In de poorthal was een kamer met ingang; daar spoelde men het brandoffer af.
39 In the porch of the gate were two tables on this side and two tables on that side, on which to kill the burnt offering, the sin offering, and the trespass offering.
Binnen de poorthal stonden twee tafels aan de éne en twee tafels aan de andere kant, waarop het brandoffer, het zonde-offer en schuldoffer werden geslacht.
40 On the one side outside, as one goes up to the entry of the gate toward the north, were two tables; and on the other side, which belonged to the porch of the gate, were two tables.
Ook aan de buitenkant van de poorthal stonden twee tafels aan de linkerzijde; eveneens aan de andere zijde van de poorthal stonden twee tafels.
41 Four tables were on this side, and four tables on that side, by the side of the gate: eight tables, on which they killed the sacrifices.
Er waren dus vier tafels aan de ene en vier tafels aan de andere kant van de zijwand der poort; in het geheel acht tafels, waarop geslacht werd.
42 There were four cut stone tables for the burnt offering, a cubit and a half long, a cubit and a half wide, and one cubit high. They laid the instruments with which they killed the burnt offering and the sacrifice on them.
De vier tafels voor het brandoffer waren uit steen gehouwen, en waren anderhalf el lang, anderhalf el breed en één el hoog; daarop legde men de gereedschappen neer, waarmee het brand- en slachtoffer geslacht werden.
43 The hooks, a hand width long, were fastened within all around. The meat of the offering was on the tables.
Aan de tafels, die binnen stonden, was langs alle kanten een rand aangebracht, een hand breed;
44 Outside of the inner gate were rooms for the singers in the inner court, which was at the side of the north gate. They faced toward the south. One at the side of the east gate faced toward the north.

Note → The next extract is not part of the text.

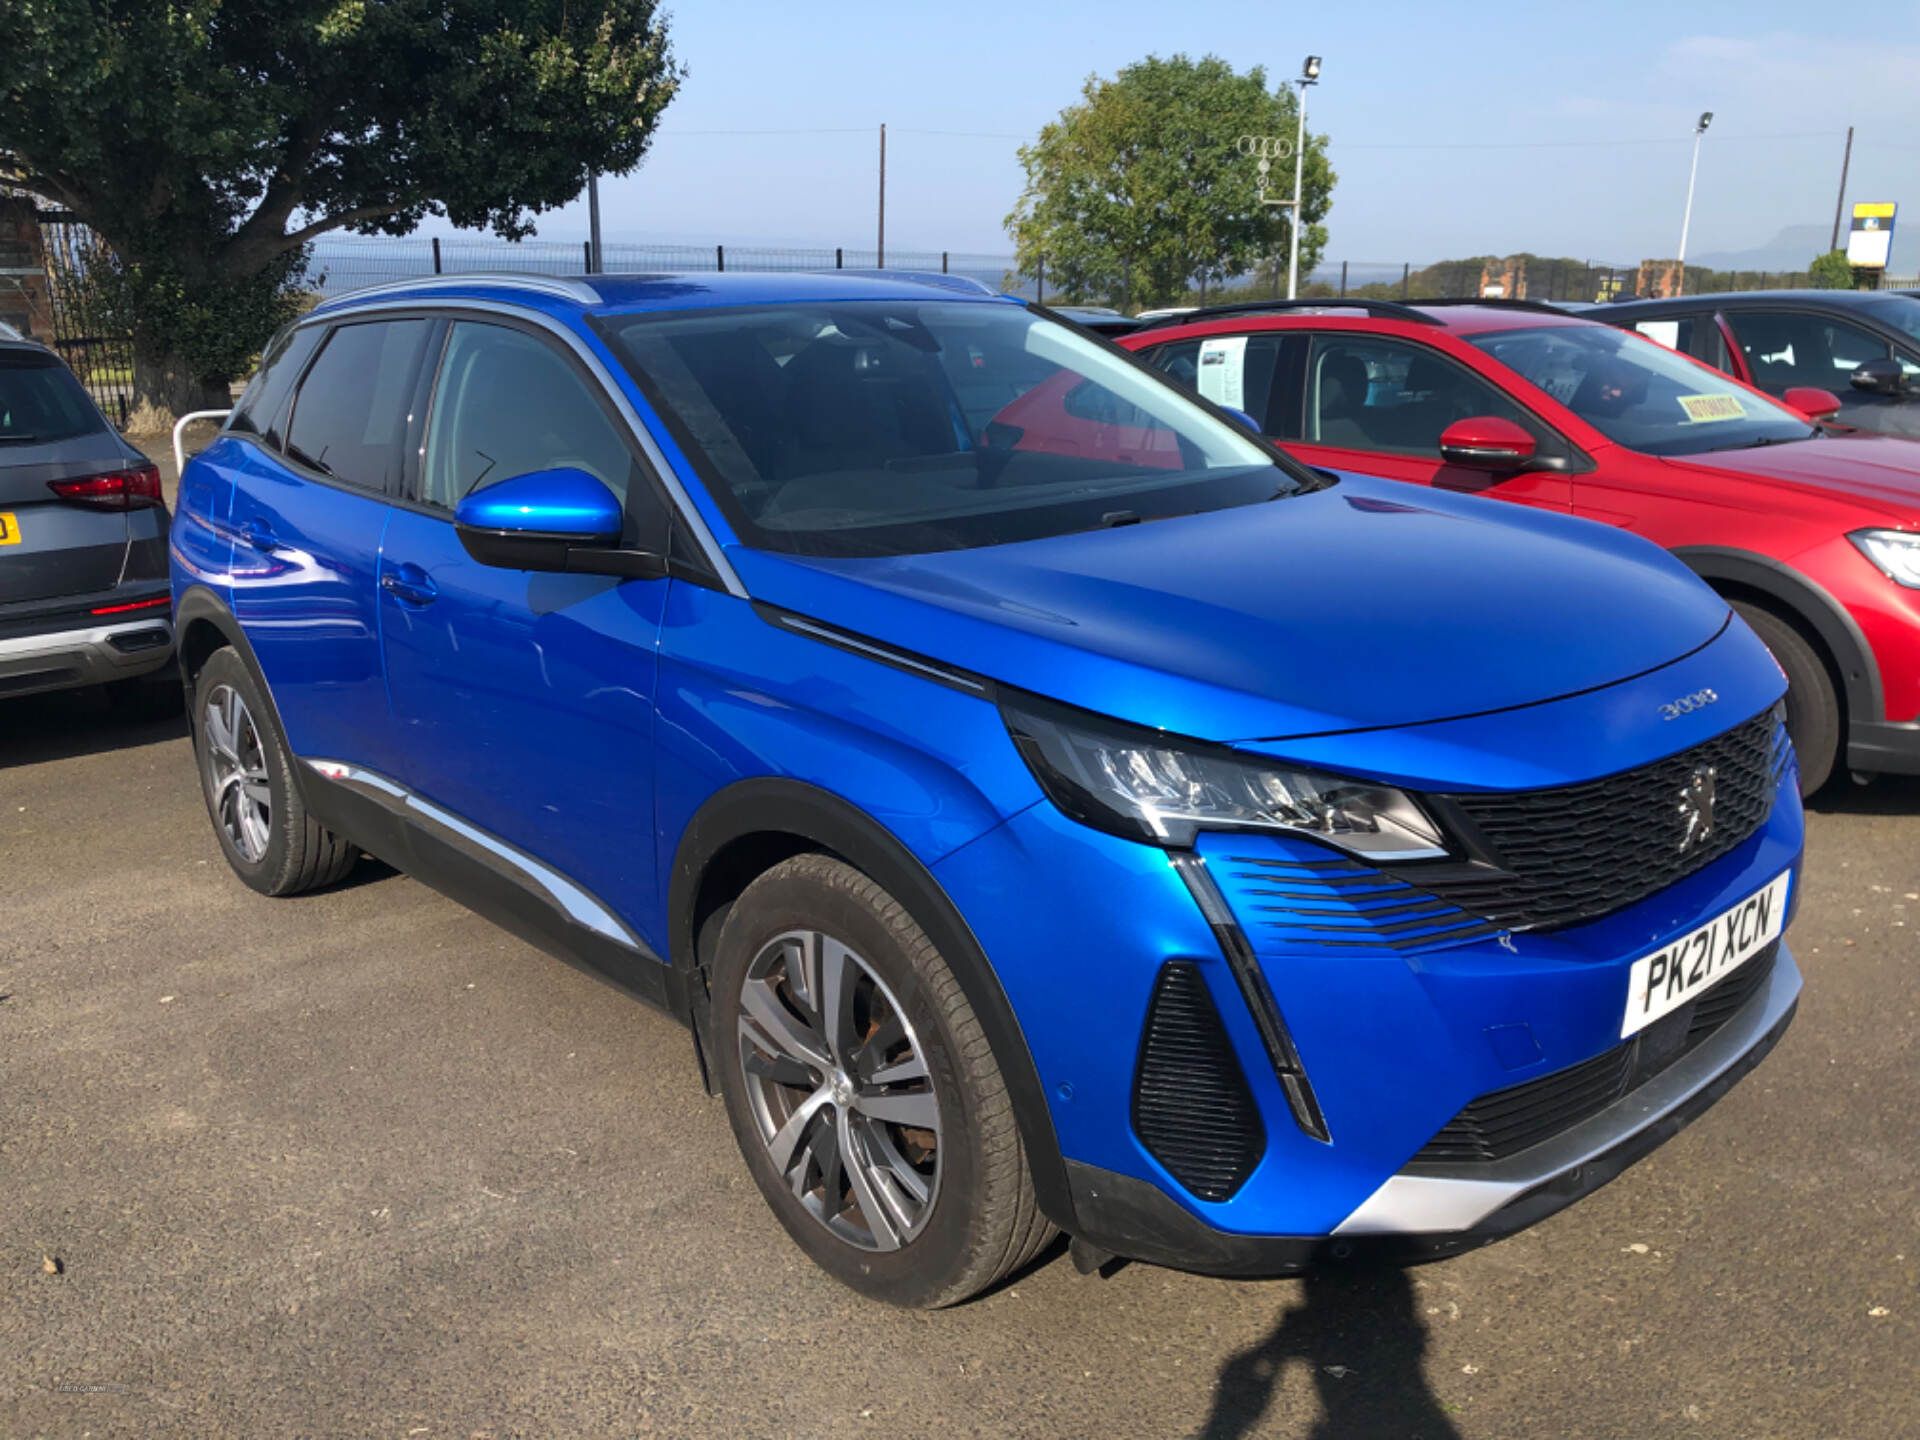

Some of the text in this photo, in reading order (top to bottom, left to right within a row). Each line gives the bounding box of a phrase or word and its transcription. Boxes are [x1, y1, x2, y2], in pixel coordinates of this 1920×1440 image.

[1656, 688, 1718, 721] 3008
[1643, 886, 1774, 1013] PK21 XCN

boven de tafels buiten de poort was een overkapping gemaakt, om het offervlees tegen regen en hitte te beschermen. Vervolgens leidde hij mij in de binnen-voorhof, en daar zag ik twee zalen, één ter zijde van de noorderpoort met een gevel op het zuiden, en één terzijde van de zuiderpoort met een gevel op het noorden.
45 He said to me, “This room, which faces toward the south, is for the priests who perform the duty of the house.

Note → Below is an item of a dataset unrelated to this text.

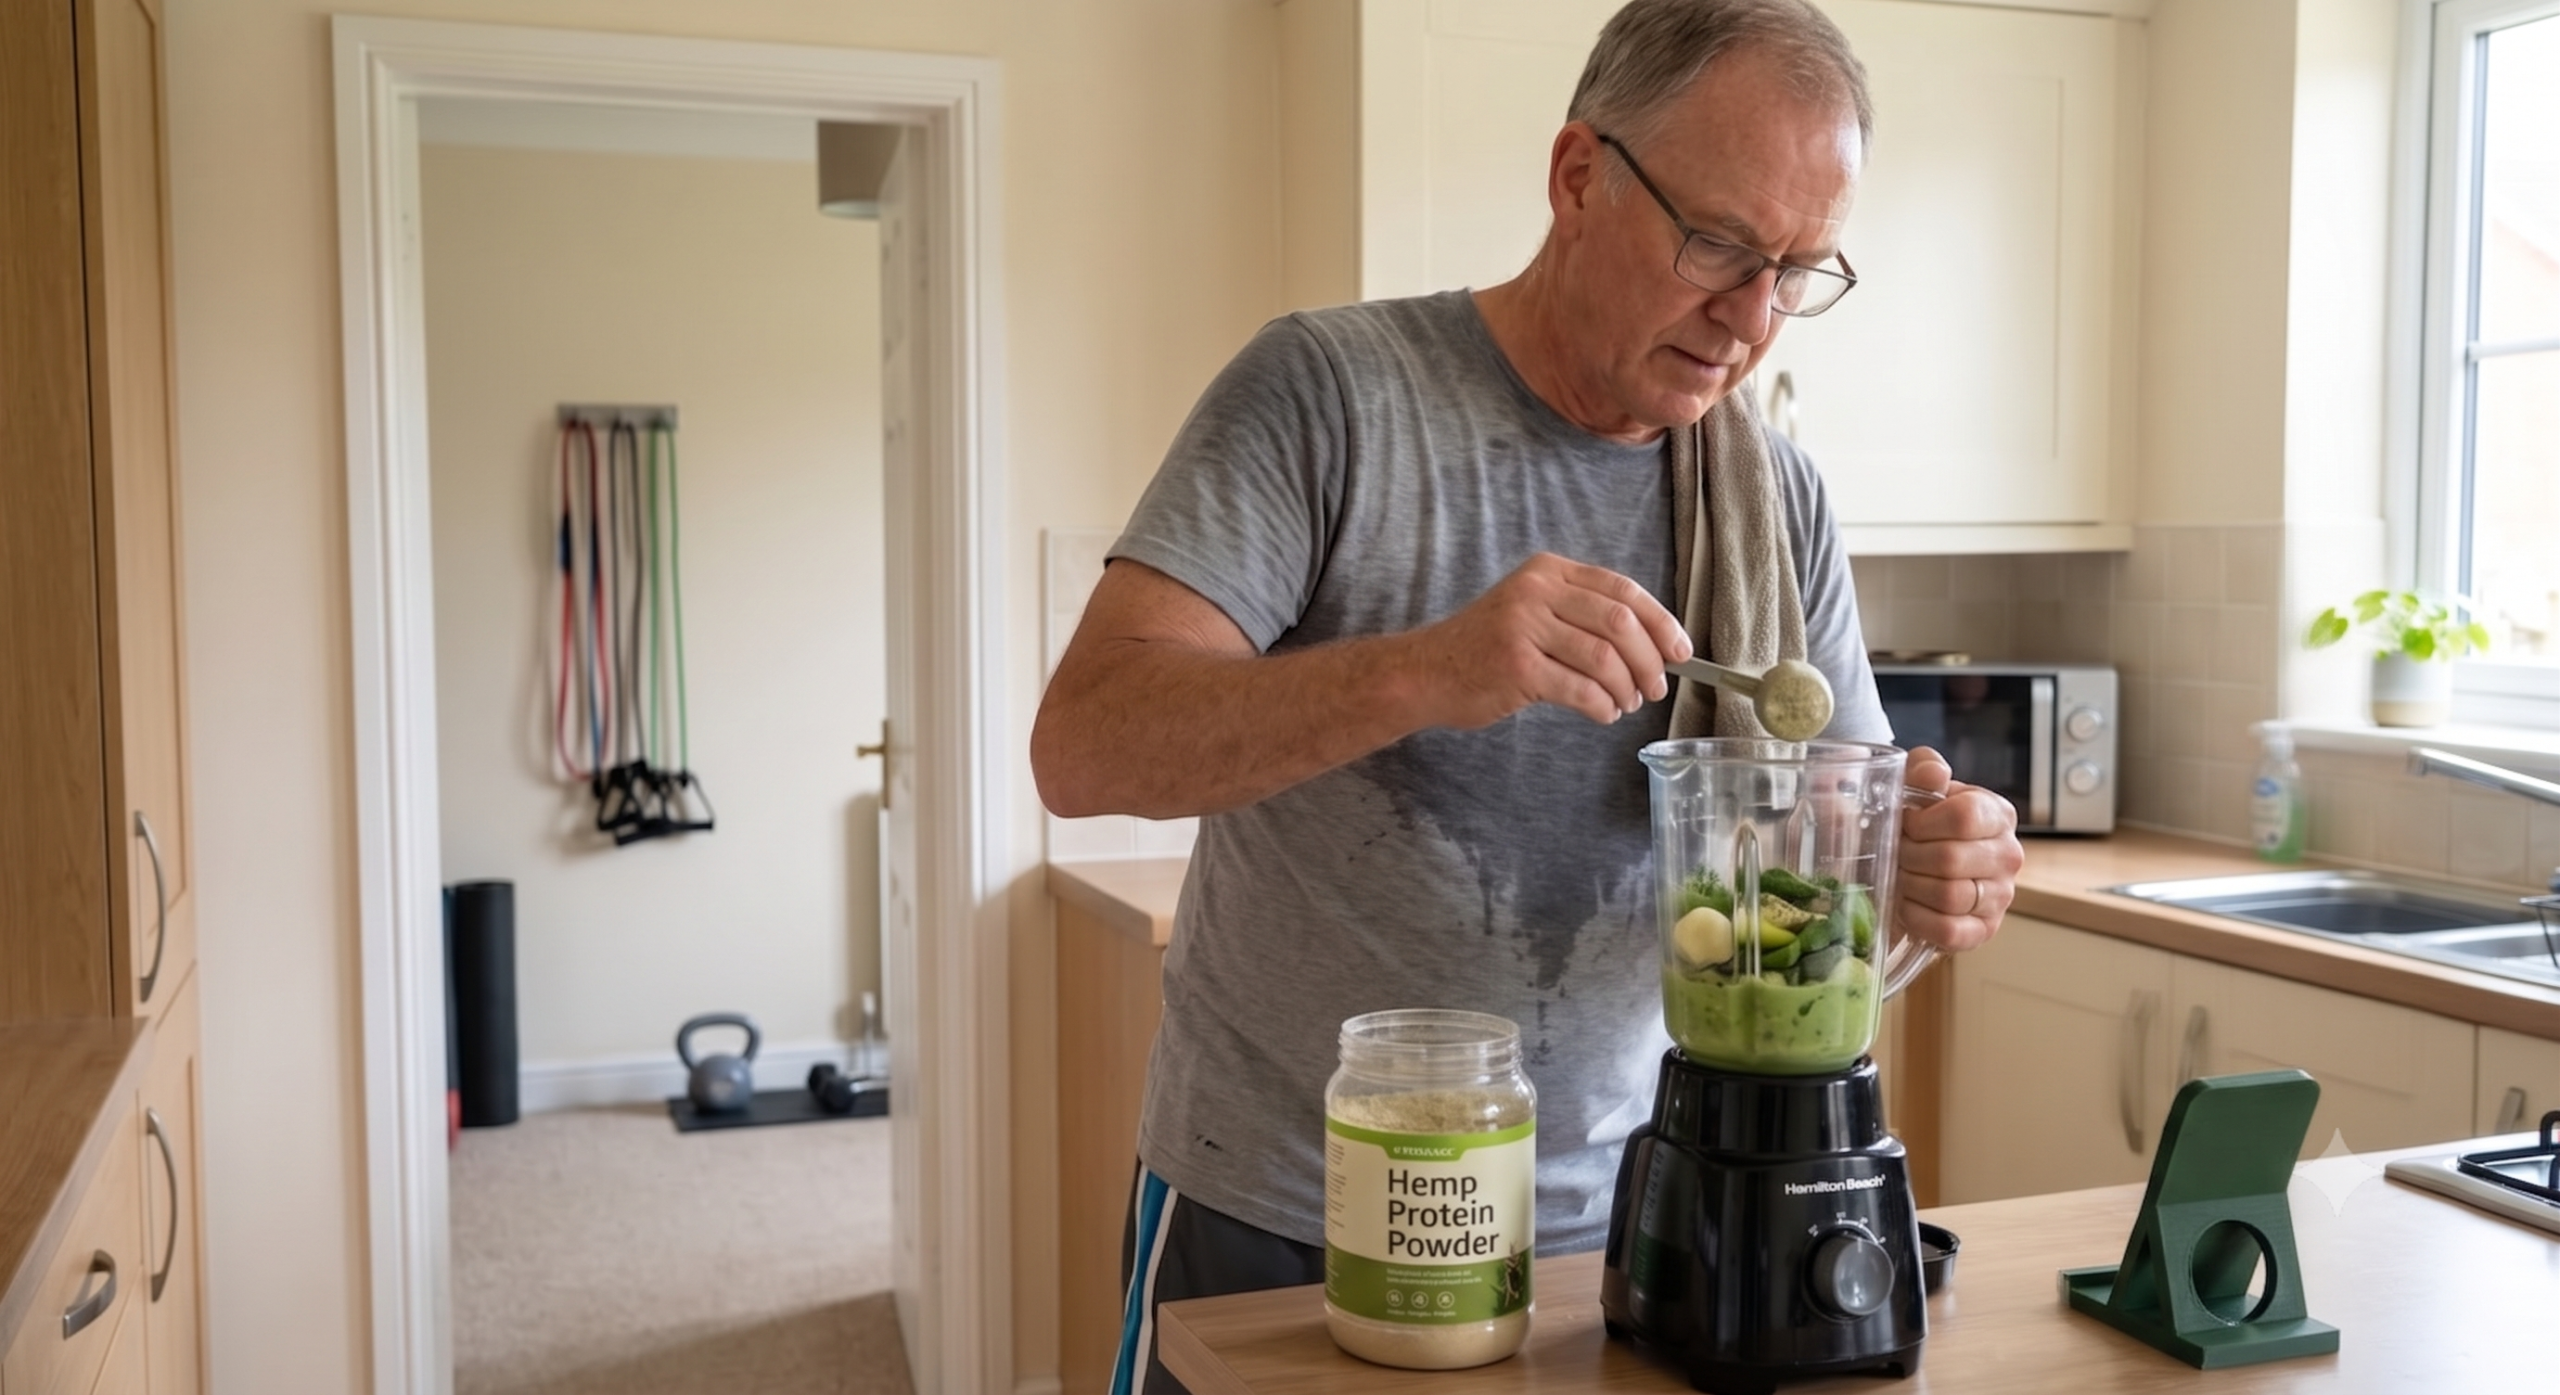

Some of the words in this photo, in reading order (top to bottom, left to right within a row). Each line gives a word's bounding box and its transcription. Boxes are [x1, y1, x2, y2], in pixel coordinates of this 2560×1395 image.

[1388, 1168, 1477, 1202] Hemp
[1846, 1175, 1884, 1190] Beach
[1388, 1199, 1494, 1227] Protein
[1388, 1229, 1500, 1257] Powder

En hij sprak tot mij: Deze zaal, die op het zuiden ligt, is bestemd voor de priesters, die de tempeldienst waarnemen;
46 The room which faces toward the north is for the priests who perform the duty of the altar. These are the sons of Zadok, who from among the sons of Levi come near to the LORD to minister to him.”
en de zaal, die op het noorden ligt, is bestemd voor de priesters, die de altaardienst verrichten, namelijk voor de zonen van Sadok, die van de zonen van Levi tot Jahweh mogen naderen, om zijn dienst waar te nemen.
47 He measured the court, one hundred cubits long and one hundred cubits wide, square. The altar was before the house.
Hij mat de binnen-voorhof op: honderd el bedroeg de lengte en honderd el de breedte; het was een vierkant, en het altaar stond recht tegenover de tempel.
48 Then he brought me to the porch of the house, and measured each post of the porch, five cubits on this side, and five cubits on that side. The width of the gate was three cubits on this side and three cubits on that side.
Daarna bracht hij mij naar de voorhal van de tempel, en mat de deurposten van de voorhal op: ze waren aan weerskanten vijf el diep. De poort was veertien el breed, en de zijvlakken drie el aan weerskanten.
49 The length of the porch was twenty cubits and the width eleven cubits, even by the steps by which they went up to it. There were pillars by the posts, one on this side, and another on that side.
De lengte van de voorhal bedroeg twintig el en de breedte twaalf el; langs tien treden ging men er heen, en tegen de deurposten stond aan weerskanten een zuil.